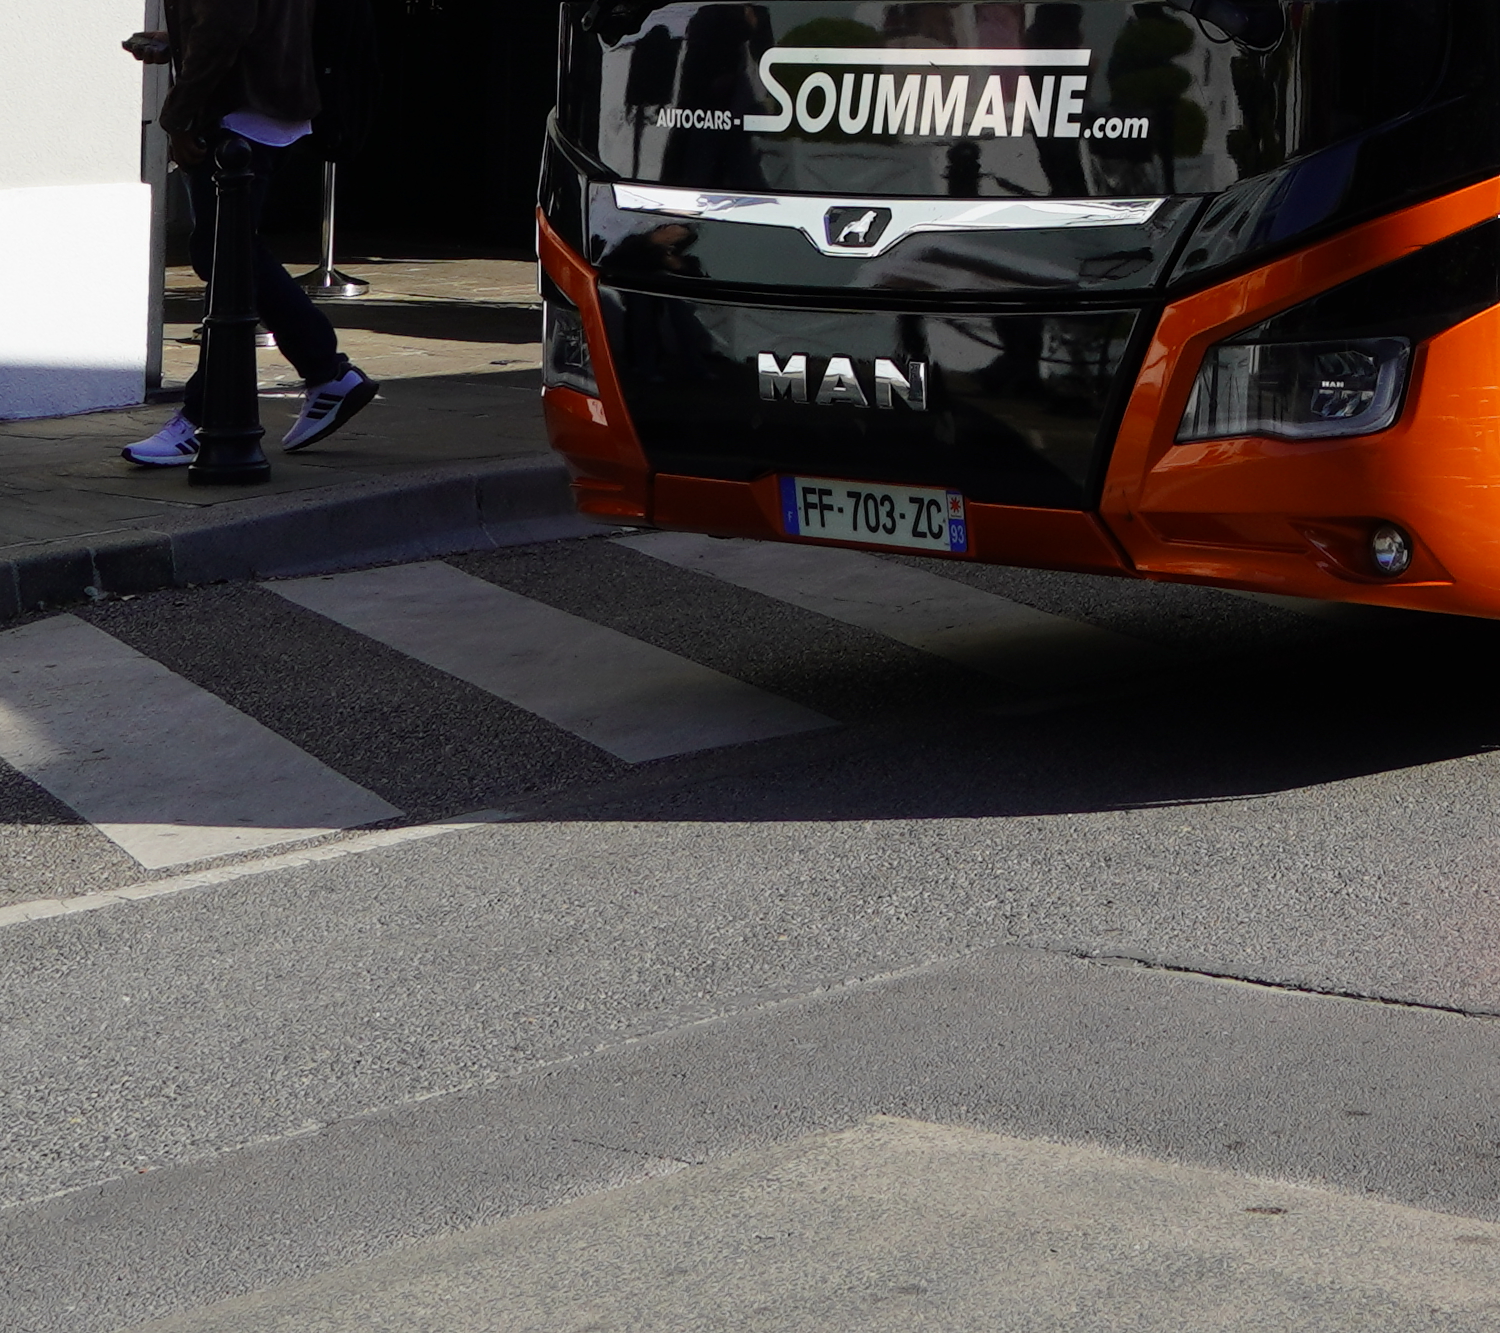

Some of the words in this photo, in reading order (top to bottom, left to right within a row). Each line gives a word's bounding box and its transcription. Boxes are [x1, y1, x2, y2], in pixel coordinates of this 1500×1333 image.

[756, 351, 929, 412] MAN
[801, 486, 944, 540] FF-703-ZC
[950, 524, 965, 544] 93
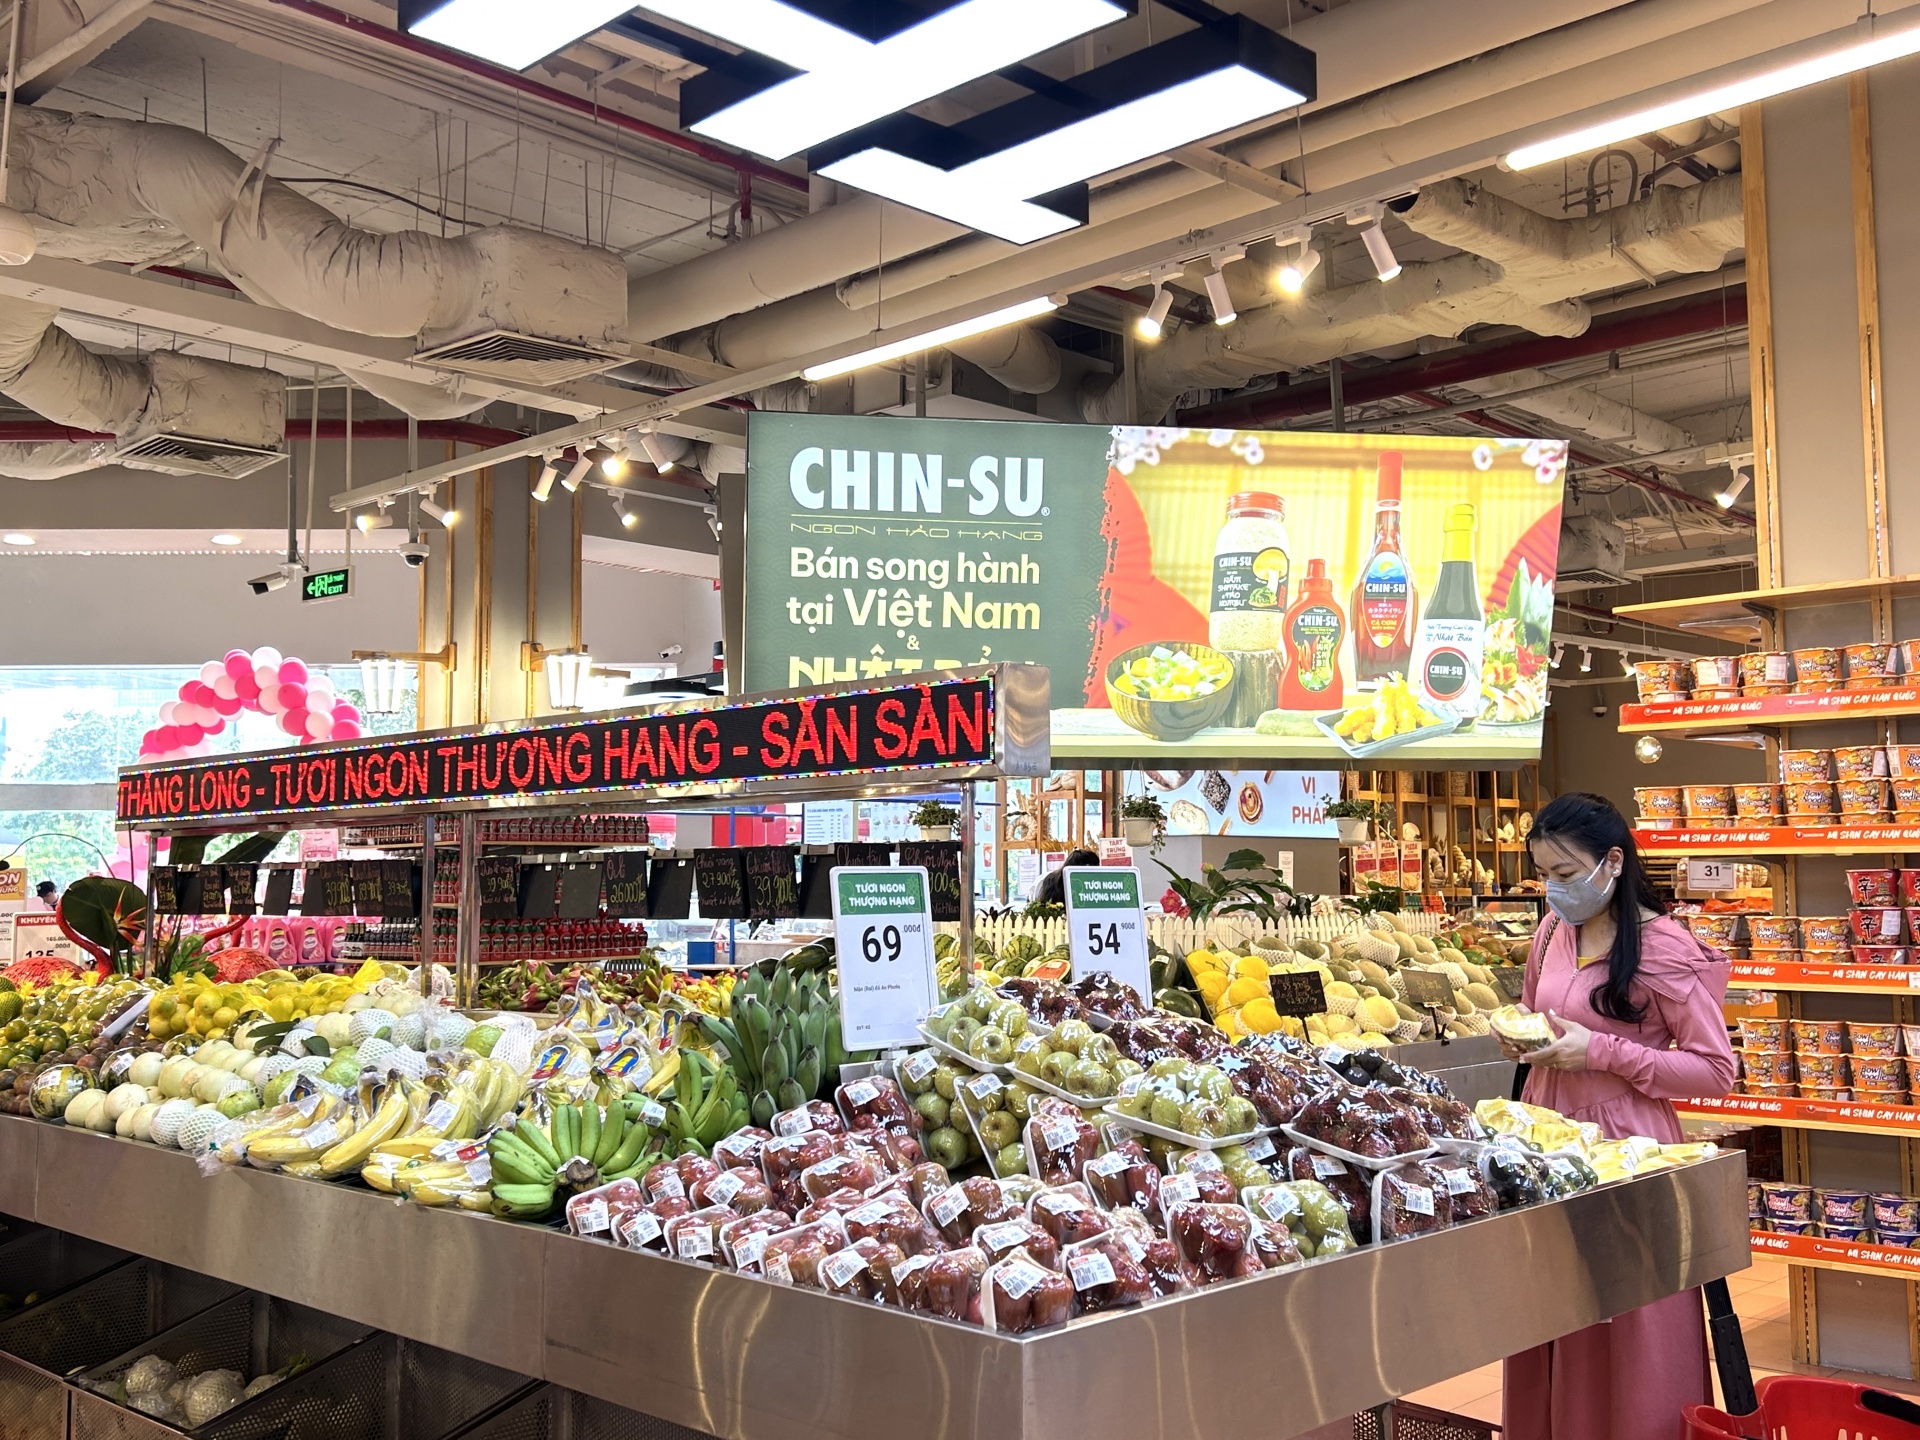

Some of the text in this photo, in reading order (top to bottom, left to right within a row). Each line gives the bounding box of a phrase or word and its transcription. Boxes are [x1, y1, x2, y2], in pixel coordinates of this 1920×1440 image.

[789, 447, 1044, 516] CHIN-SU
[791, 523, 875, 535] NGON
[791, 546, 1040, 589] Bán song hành
[328, 584, 343, 595] EXIT
[1366, 583, 1406, 593] CHIN-SU
[786, 587, 1041, 639] tại Việt Nam
[1298, 615, 1338, 626] CHIN-SU
[906, 635, 920, 650] &
[189, 767, 250, 813] LONG
[271, 759, 337, 805] TƯƠI
[345, 750, 429, 801] NGON
[604, 718, 721, 785] HẠNG
[1301, 775, 1316, 799] VỊ
[1704, 865, 1720, 877] 31
[855, 882, 906, 894] TƯƠI NGON
[1084, 879, 1124, 890] TƯƠI NGON
[849, 896, 916, 908] THƯỢNG HẠNG
[1079, 892, 1131, 903] THƯỢNG HẠNG
[862, 924, 902, 963] 69
[1088, 922, 1121, 955] 54
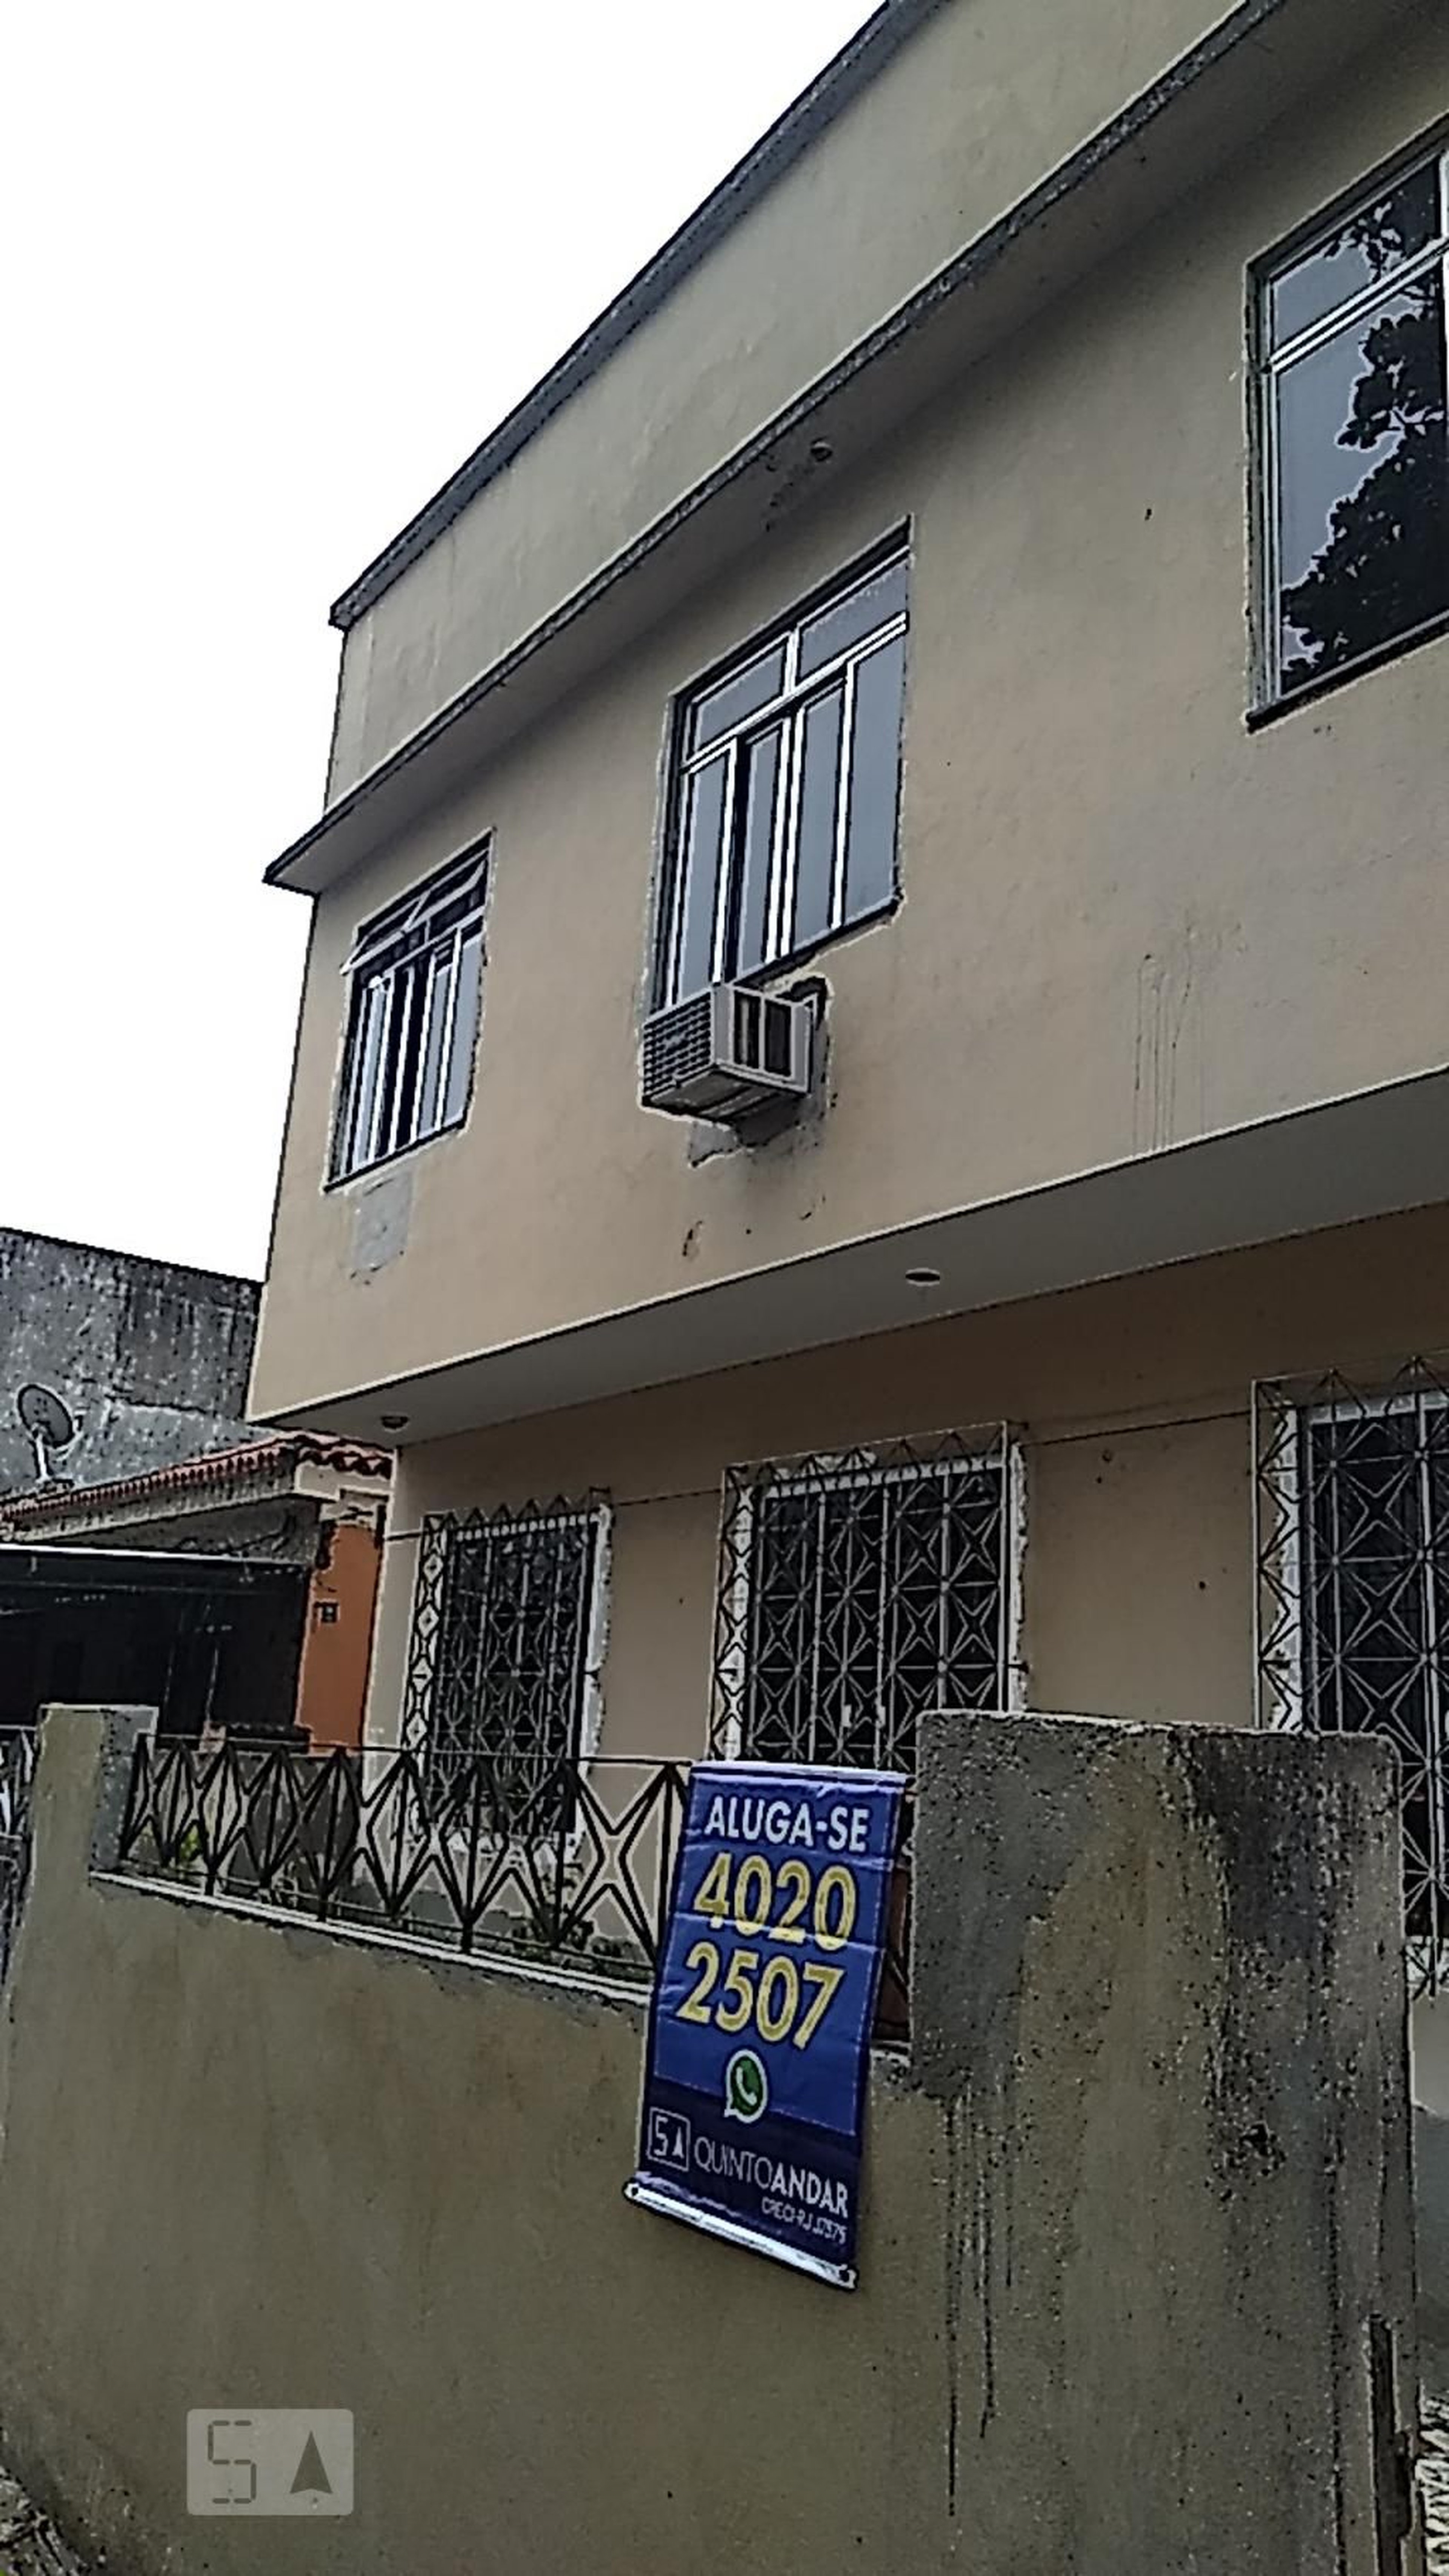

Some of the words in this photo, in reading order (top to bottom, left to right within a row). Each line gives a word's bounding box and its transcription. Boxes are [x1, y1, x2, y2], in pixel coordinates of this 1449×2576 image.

## PROBLEM TO SOLVE
Everything from the line with "Some of the text" through the final line of the material is to be returned exactly, both ends included, apart from the pictures.

## ANSWER TO THIS EXERCISE
Some of the text in this photo, in reading order (top to bottom, left to right within a row). Each line gives the bounding box of a phrase or word and its transcription. Boxes are [x1, y1, x2, y2], in pixel coordinates of this 1920×1440 image.

[789, 447, 1044, 516] CHIN-SU
[791, 523, 875, 535] NGON
[791, 546, 1040, 589] Bán song hành
[328, 584, 343, 595] EXIT
[1366, 583, 1406, 593] CHIN-SU
[786, 587, 1041, 639] tại Việt Nam
[1298, 615, 1338, 626] CHIN-SU
[906, 635, 920, 650] &
[189, 767, 250, 813] LONG
[271, 759, 337, 805] TƯƠI
[345, 750, 429, 801] NGON
[604, 718, 721, 785] HẠNG
[1301, 775, 1316, 799] VỊ
[1704, 865, 1720, 877] 31
[855, 882, 906, 894] TƯƠI NGON
[1084, 879, 1124, 890] TƯƠI NGON
[849, 896, 916, 908] THƯỢNG HẠNG
[1079, 892, 1131, 903] THƯỢNG HẠNG
[862, 924, 902, 963] 69
[1088, 922, 1121, 955] 54

Some of the words in this photo, in reading order (top to bottom, left to right within a row). Each line gives a word's bounding box and its transcription. Boxes are [x1, y1, x2, y2], in pixel coordinates of this 1449×2576 image.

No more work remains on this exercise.